An exact transcription of each entry below is required, without any pictures.

==============================

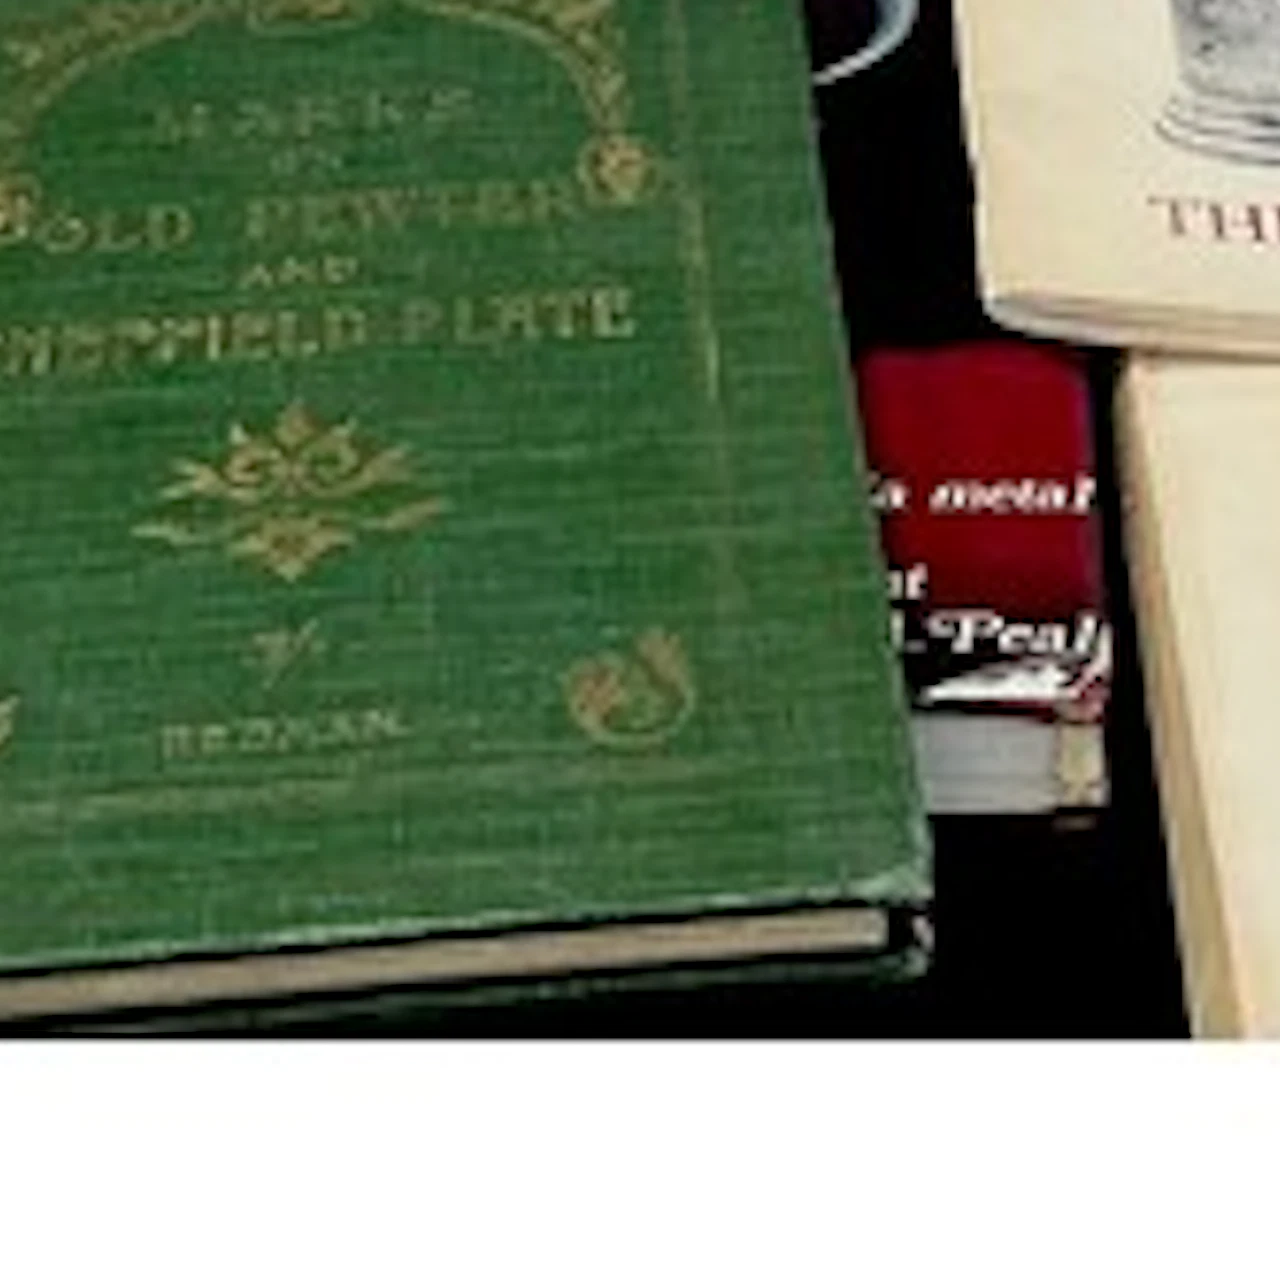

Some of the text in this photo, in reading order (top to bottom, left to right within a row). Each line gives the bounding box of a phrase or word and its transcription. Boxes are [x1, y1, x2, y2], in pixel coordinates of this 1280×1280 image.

[152, 85, 478, 143] MARKS
[35, 176, 579, 255] OLD PEWTER
[238, 254, 361, 289] AND
[401, 286, 638, 348] PLATE
[928, 473, 1098, 515] metal
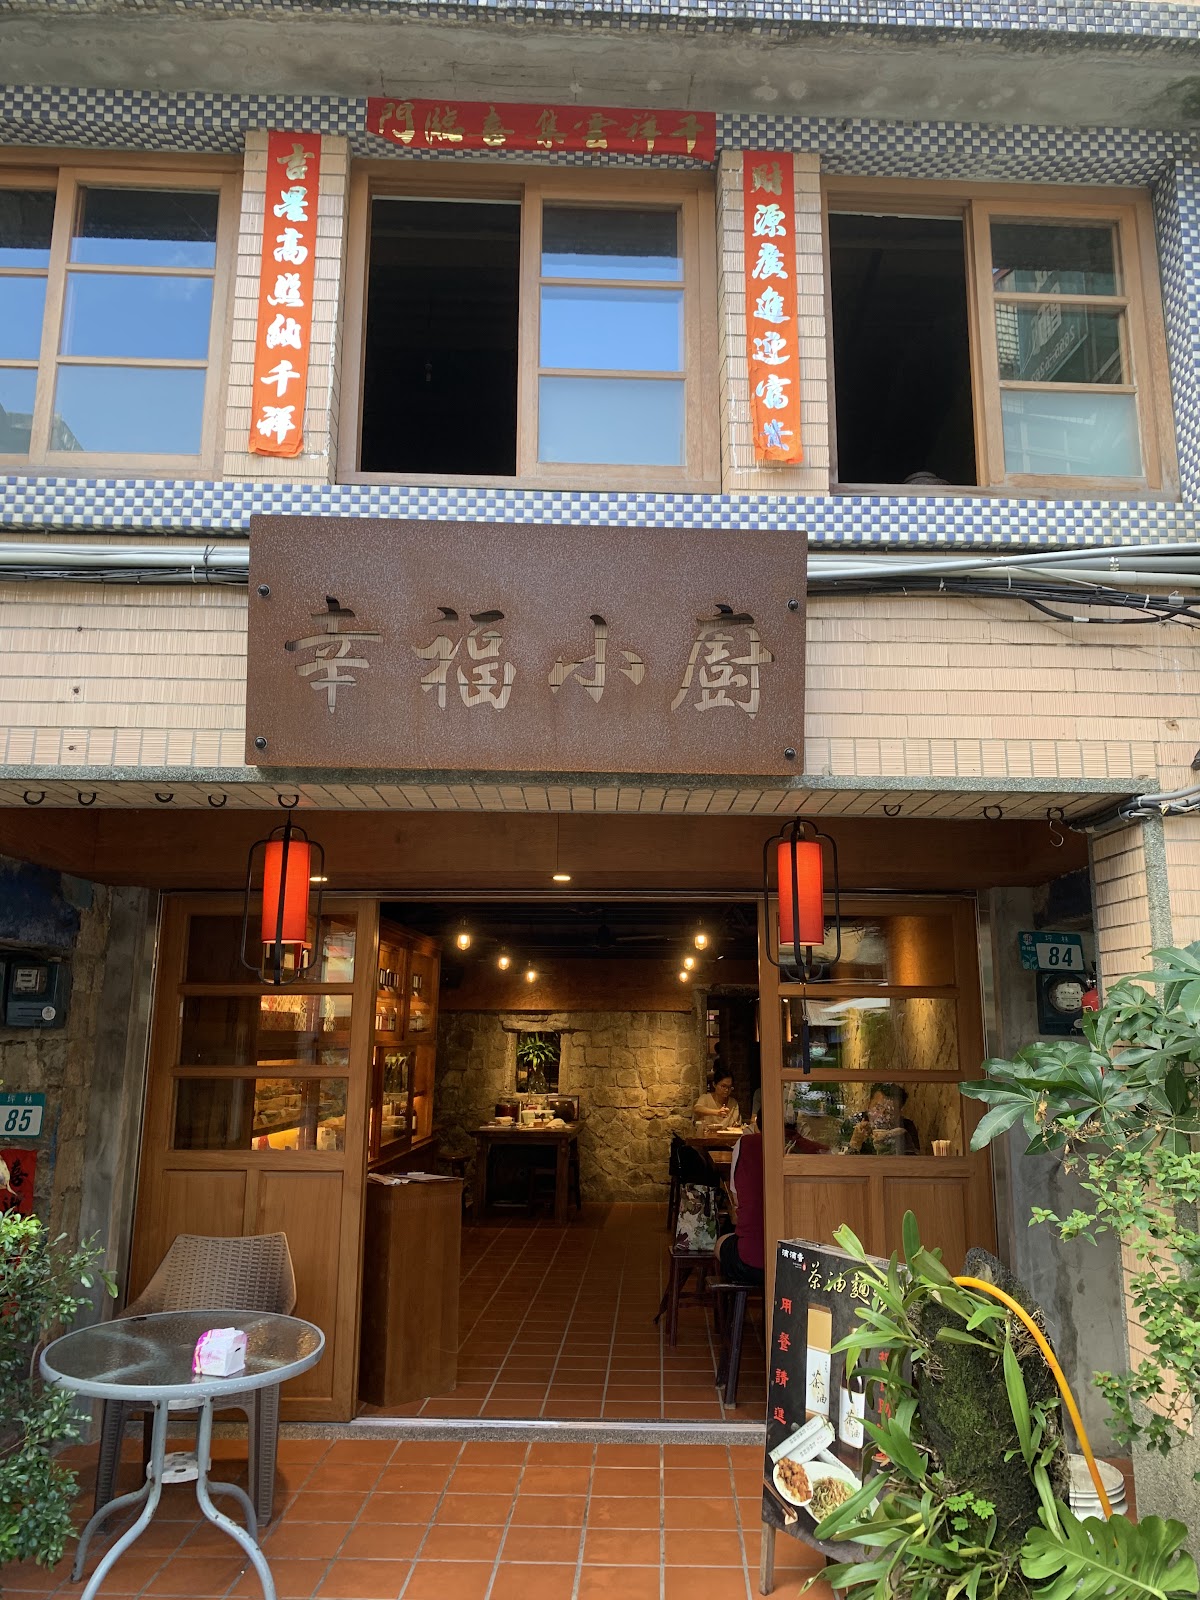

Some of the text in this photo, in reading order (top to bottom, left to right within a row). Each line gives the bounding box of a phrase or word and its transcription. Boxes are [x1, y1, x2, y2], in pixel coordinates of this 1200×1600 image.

==============================

» TASK ANSWER:
Some of the text in this photo, in reading order (top to bottom, left to right within a row). Each line gives the bounding box of a phrase or word and its transcription. Boxes are [x1, y1, x2, y2], in pixel coordinates of this 1280×1280 image.

[152, 85, 478, 143] MARKS
[35, 176, 579, 255] OLD PEWTER
[238, 254, 361, 289] AND
[401, 286, 638, 348] PLATE
[928, 473, 1098, 515] metal

Some of the text in this photo, in reading order (top to bottom, left to right within a row). Each line gives the bounding box of a phrase or word and its transcription. Boxes are [x1, y1, x2, y2], in pixel coordinates of this 1200×1600 image.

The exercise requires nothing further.